#### Input material ####

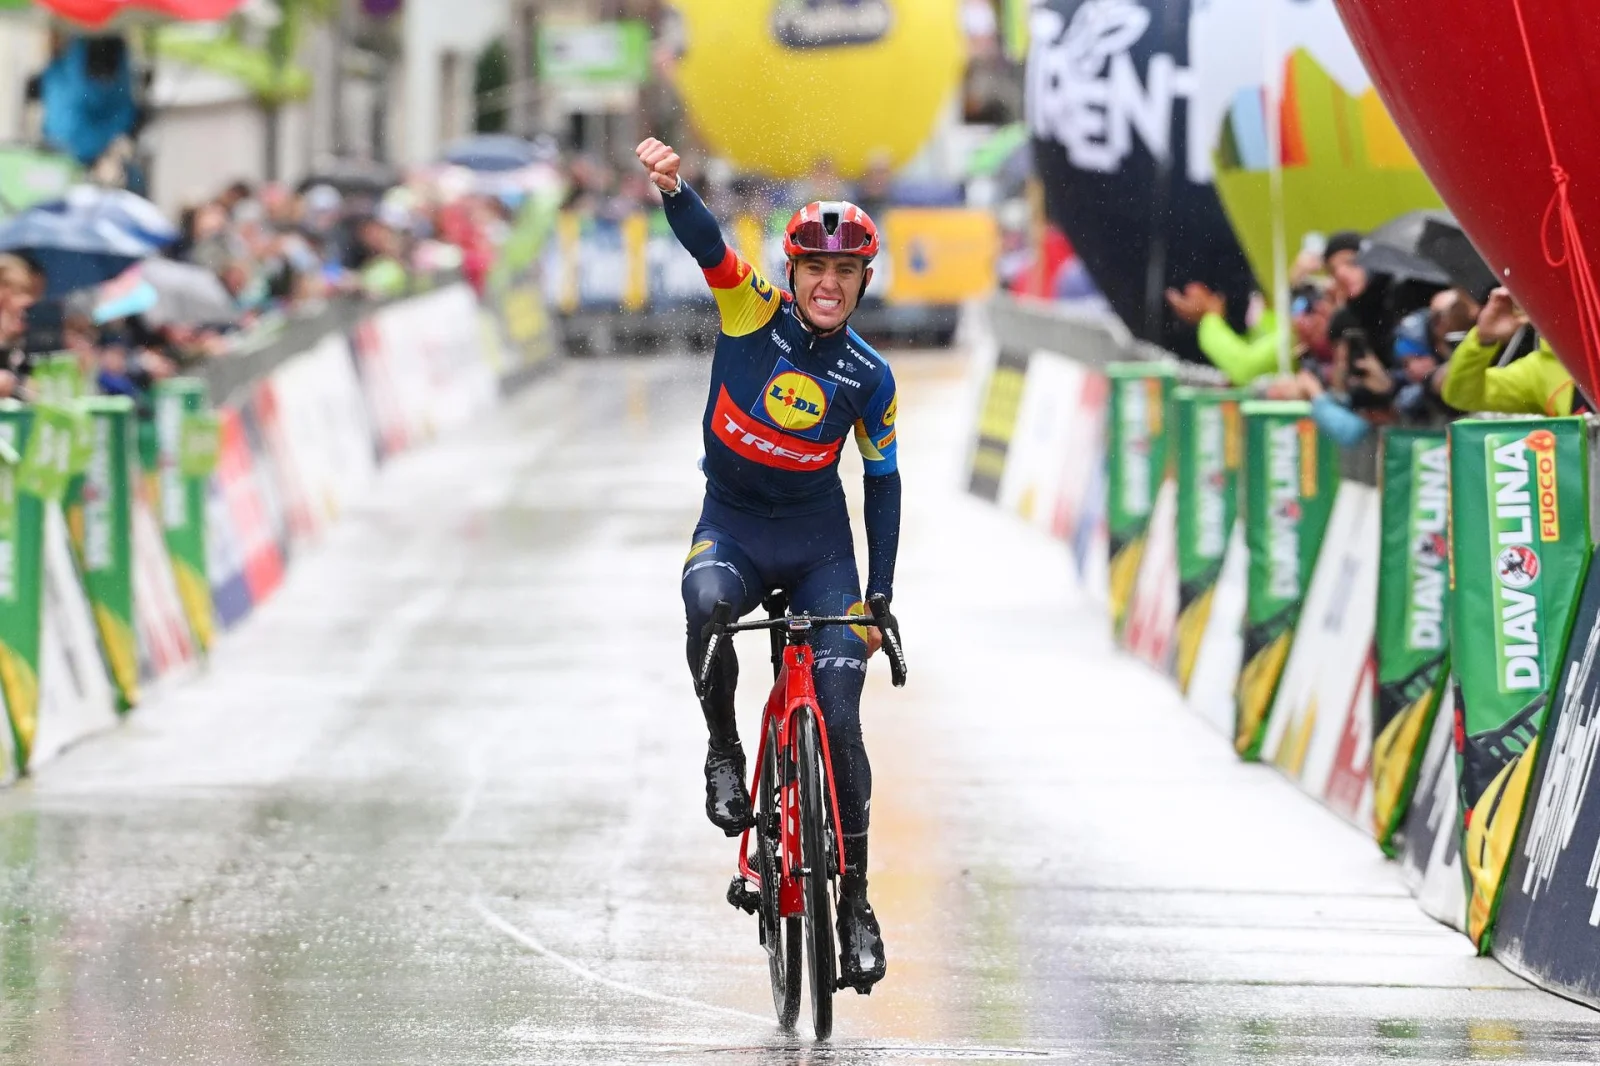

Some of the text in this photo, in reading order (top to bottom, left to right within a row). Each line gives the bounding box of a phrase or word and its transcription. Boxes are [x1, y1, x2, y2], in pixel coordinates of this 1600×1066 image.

[846, 343, 876, 371] TREK
[826, 370, 861, 389] SRAM
[724, 413, 830, 463] TREK
[1540, 457, 1556, 537] FUOCO
[701, 634, 718, 673] SRAM
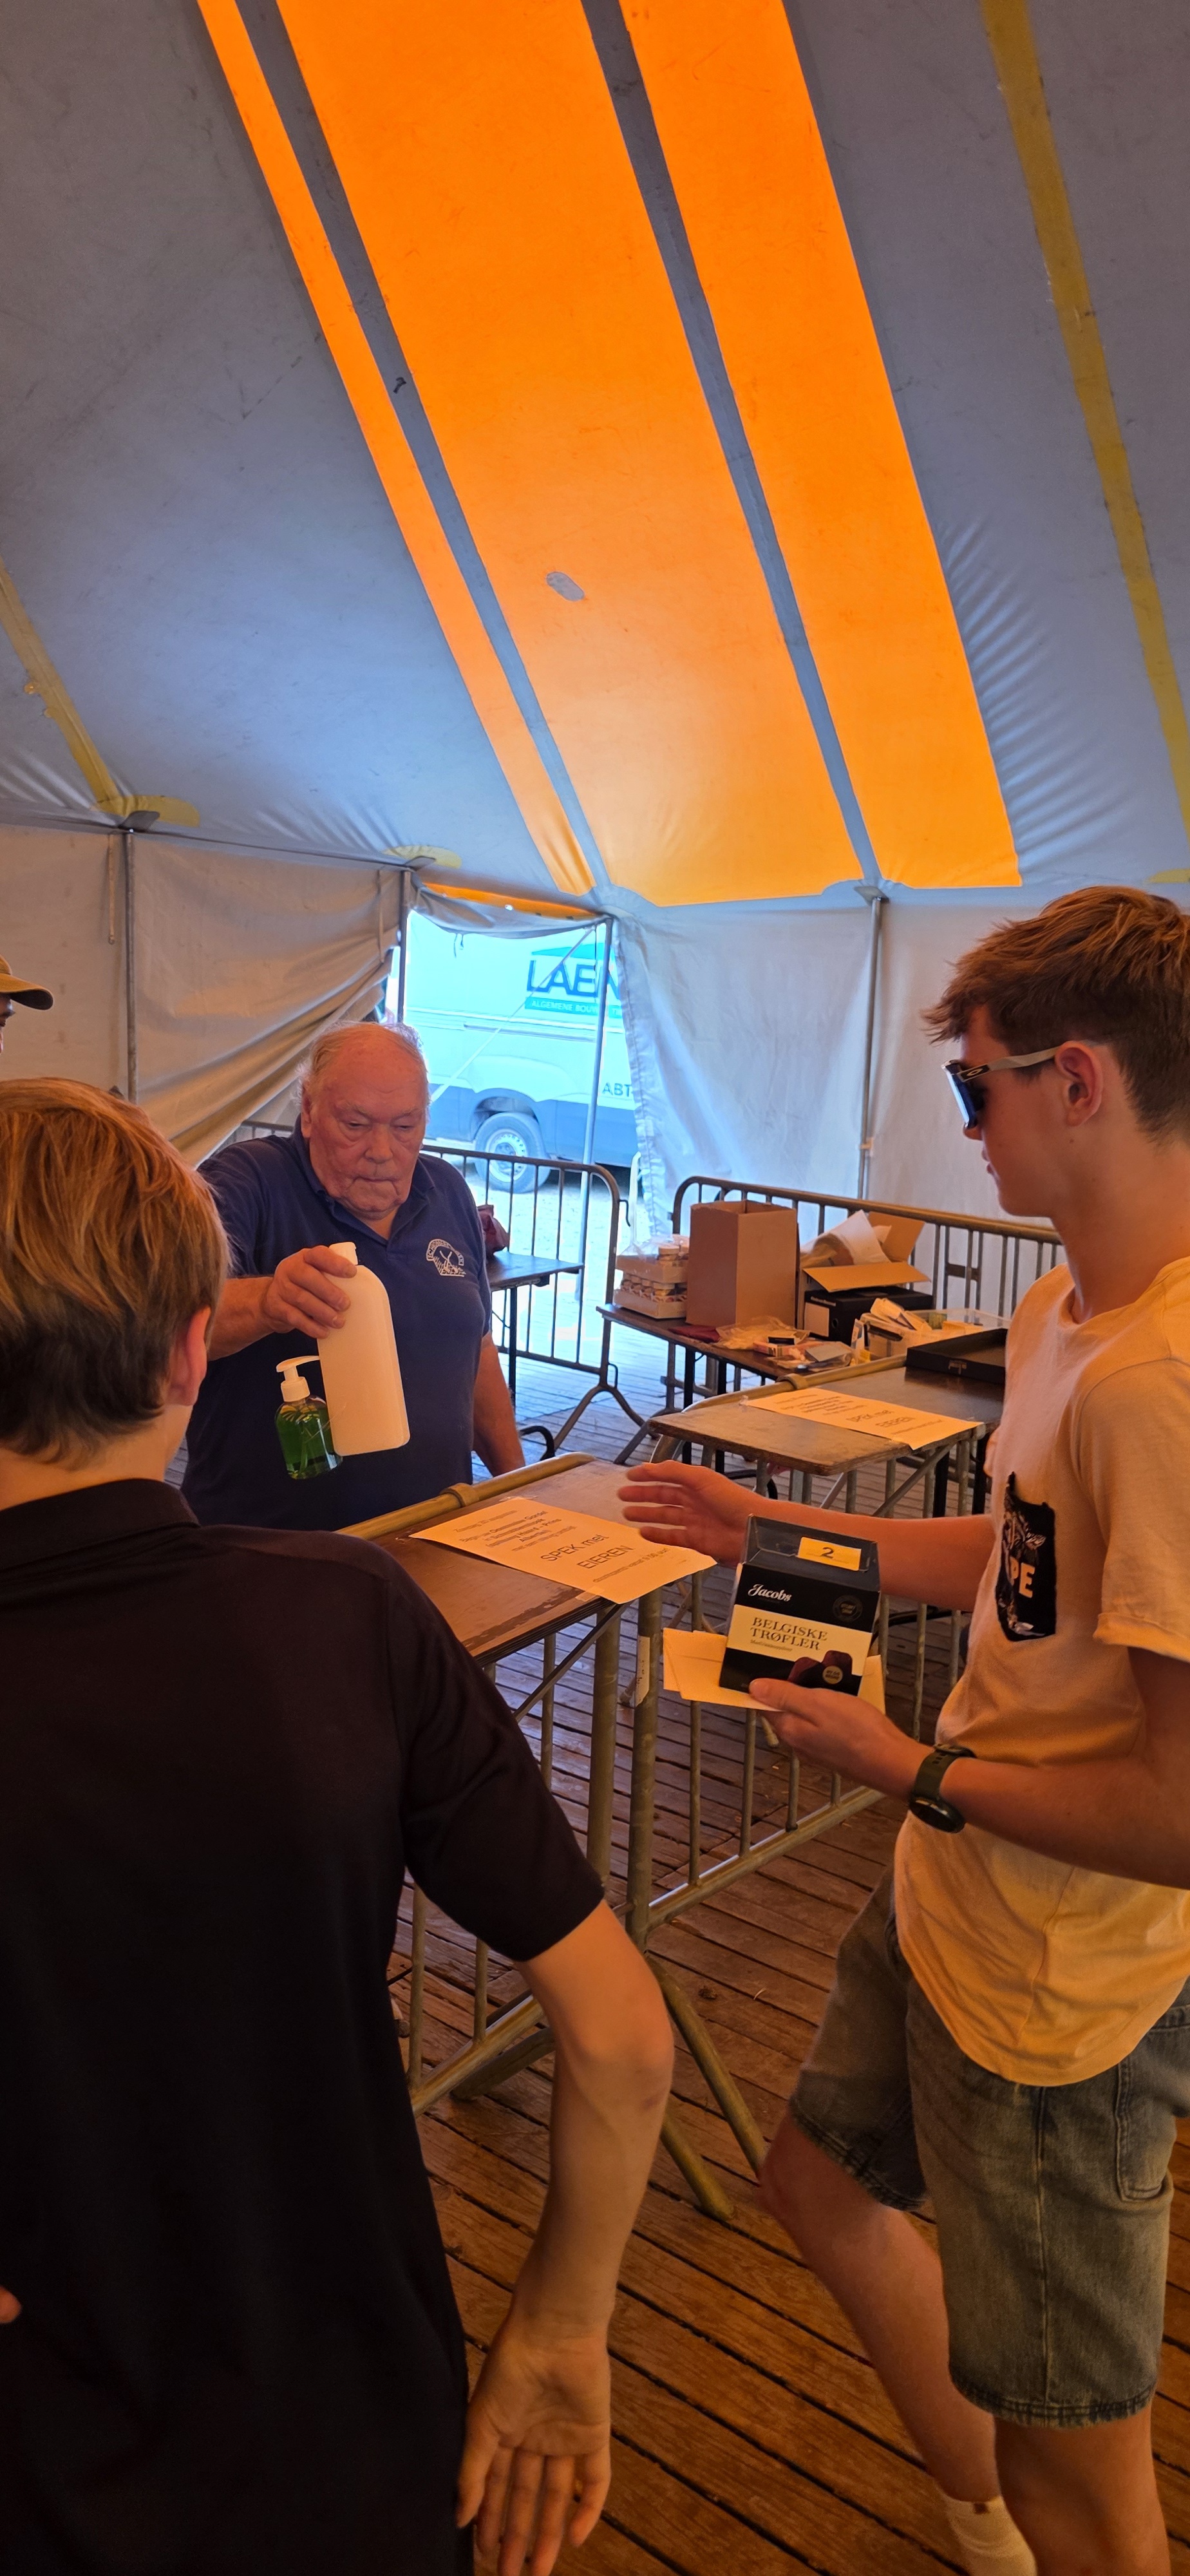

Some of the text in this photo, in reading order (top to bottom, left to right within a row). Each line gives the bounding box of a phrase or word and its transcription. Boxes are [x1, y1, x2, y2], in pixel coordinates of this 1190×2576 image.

[540, 1544, 585, 1562] SPEK
[581, 1534, 610, 1546] met
[576, 1544, 634, 1569] EIEREN
[820, 1547, 835, 1559] 2
[748, 1584, 792, 1602] Jacobs
[750, 1627, 821, 1651] TRØFLER
[752, 1617, 828, 1641] BELGISKE
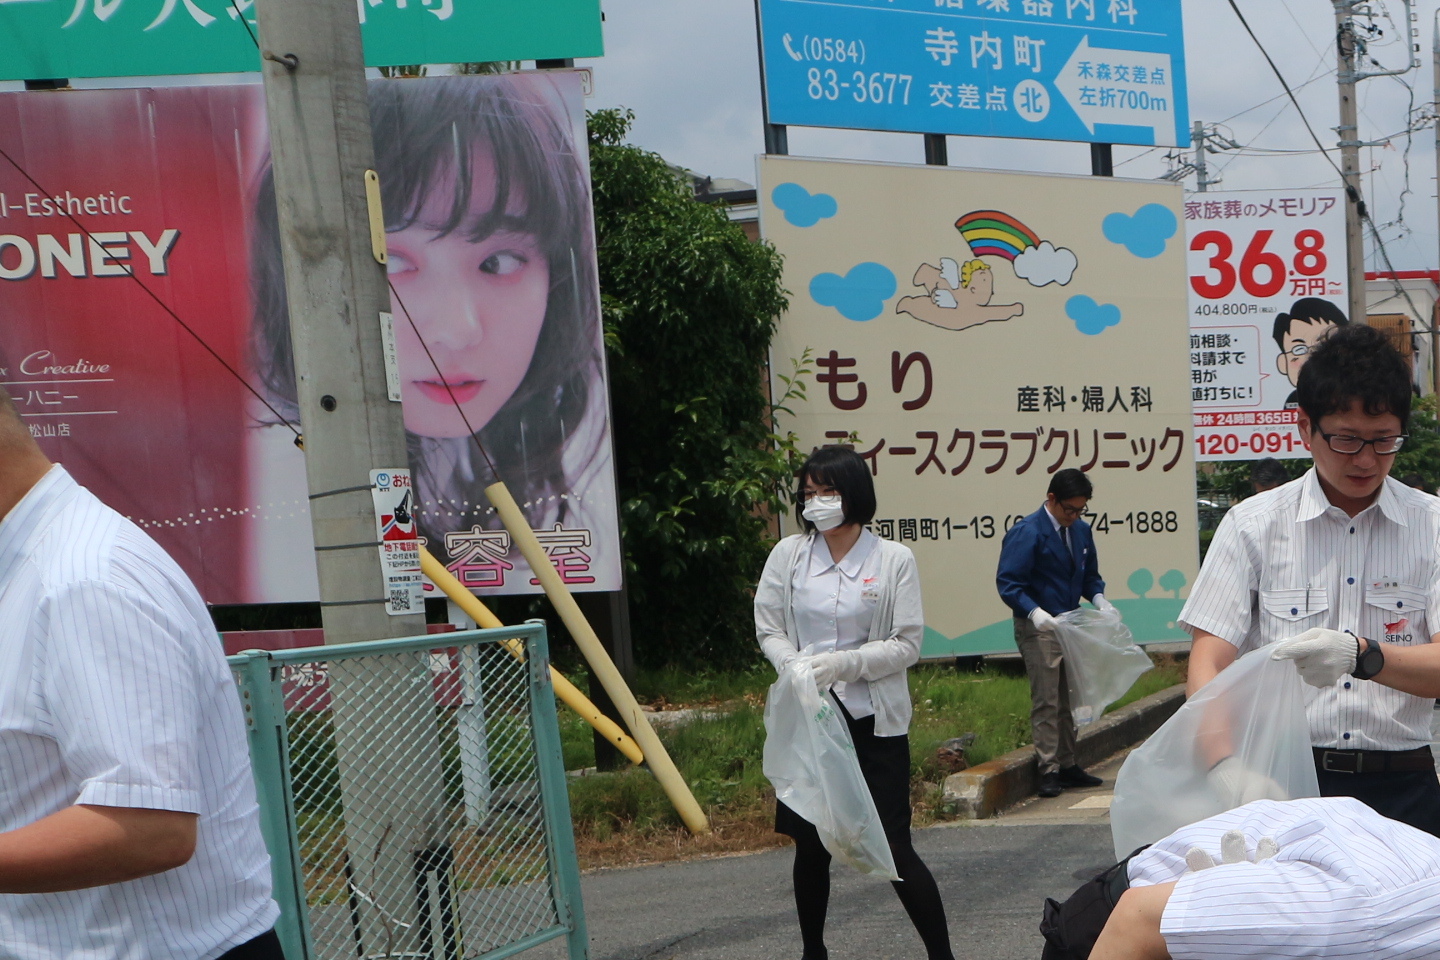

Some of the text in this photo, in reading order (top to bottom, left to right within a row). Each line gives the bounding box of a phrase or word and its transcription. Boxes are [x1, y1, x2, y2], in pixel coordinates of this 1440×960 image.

[935, 0, 1138, 25] 器内科
[803, 35, 866, 65] (0584)
[924, 27, 1046, 73] 寺内町
[807, 68, 913, 105] 83-3677
[1077, 61, 1165, 85] 禾森交差点
[929, 82, 1042, 113] 交差点 北
[1078, 85, 1168, 112] 左折700m
[1185, 197, 1336, 220] 家族葬のメモリア
[1189, 229, 1327, 300] 36.8
[1195, 303, 1257, 316] 404,800円
[20, 350, 110, 376] Creative
[816, 350, 933, 410] もり
[1017, 386, 1152, 413] 産科・婦人科
[420, 523, 596, 588] 容室
[1385, 634, 1413, 643] SEINO
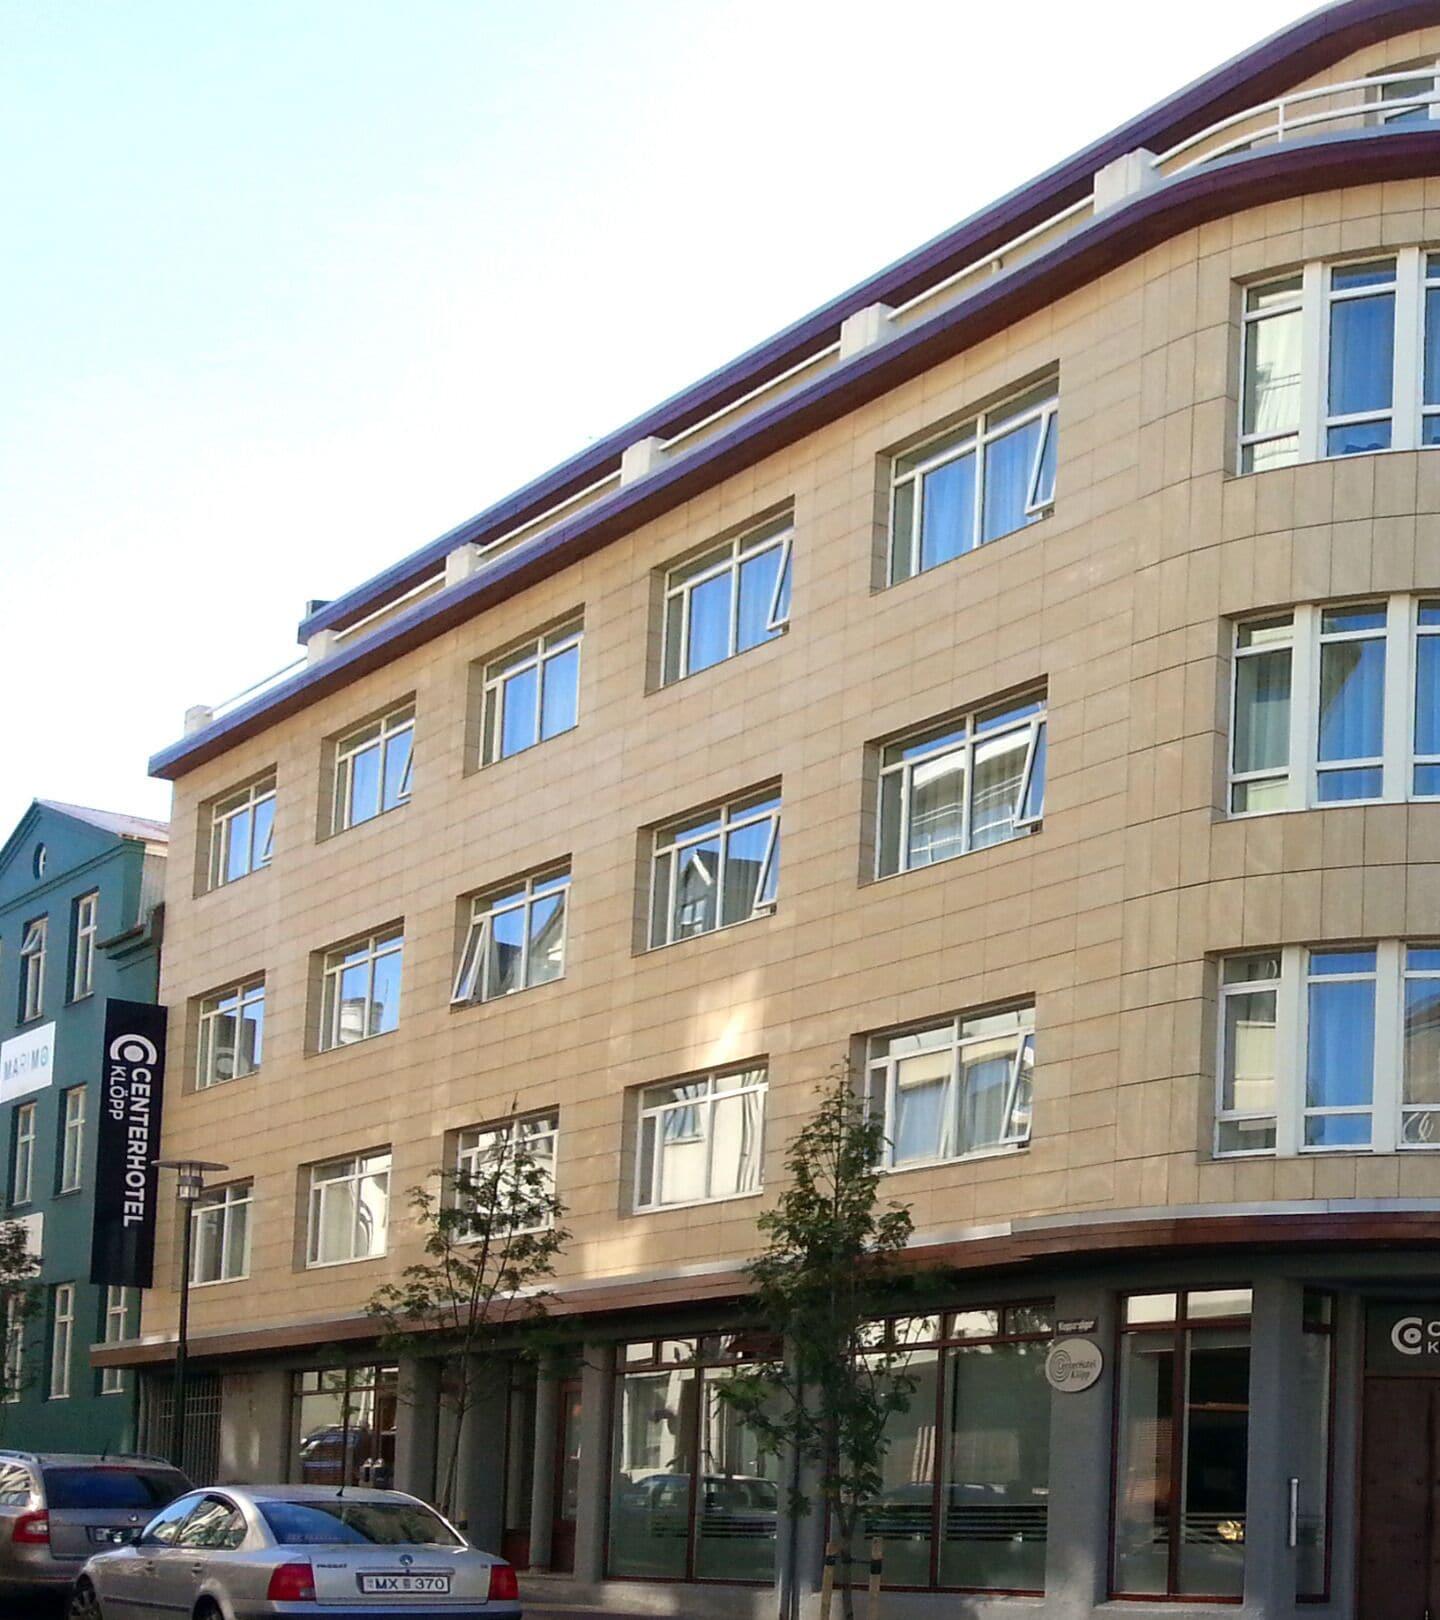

####

▶ [Exercise goal]: Each entry, start to finish, goes into your copy exactly; the pictures stay out.

▶ [Problem solution]:
Some of the text in this photo, in reading order (top to bottom, left to right within a row). Each line gives the bounding box of a phrase or word and its transcription. Boxes are [x1, y1, x2, y2], in pixel coordinates of this 1600×1066 image.

[846, 343, 876, 371] TREK
[826, 370, 861, 389] SRAM
[724, 413, 830, 463] TREK
[1540, 457, 1556, 537] FUOCO
[701, 634, 718, 673] SRAM

Some of the text in this photo, in reading order (top to bottom, left to right within a row). Each line gives the bounding box of a phrase or word and its transcription. Boxes are [x1, y1, x2, y2], in pixel coordinates of this 1190×2576 image.

[540, 1544, 585, 1562] SPEK
[581, 1534, 610, 1546] met
[576, 1544, 634, 1569] EIEREN
[820, 1547, 835, 1559] 2
[748, 1584, 792, 1602] Jacobs
[750, 1627, 821, 1651] TRØFLER
[752, 1617, 828, 1641] BELGISKE

Some of the text in this photo, in reading order (top to bottom, left to right within a row). Each line gives the bounding box of a phrase or word and its transcription. Boxes are [x1, y1, x2, y2], in pixel coordinates of this 1440×960 image.

[935, 0, 1138, 25] 器内科
[803, 35, 866, 65] (0584)
[924, 27, 1046, 73] 寺内町
[807, 68, 913, 105] 83-3677
[1077, 61, 1165, 85] 禾森交差点
[929, 82, 1042, 113] 交差点 北
[1078, 85, 1168, 112] 左折700m
[1185, 197, 1336, 220] 家族葬のメモリア
[1189, 229, 1327, 300] 36.8
[1195, 303, 1257, 316] 404,800円
[20, 350, 110, 376] Creative
[816, 350, 933, 410] もり
[1017, 386, 1152, 413] 産科・婦人科
[420, 523, 596, 588] 容室
[1385, 634, 1413, 643] SEINO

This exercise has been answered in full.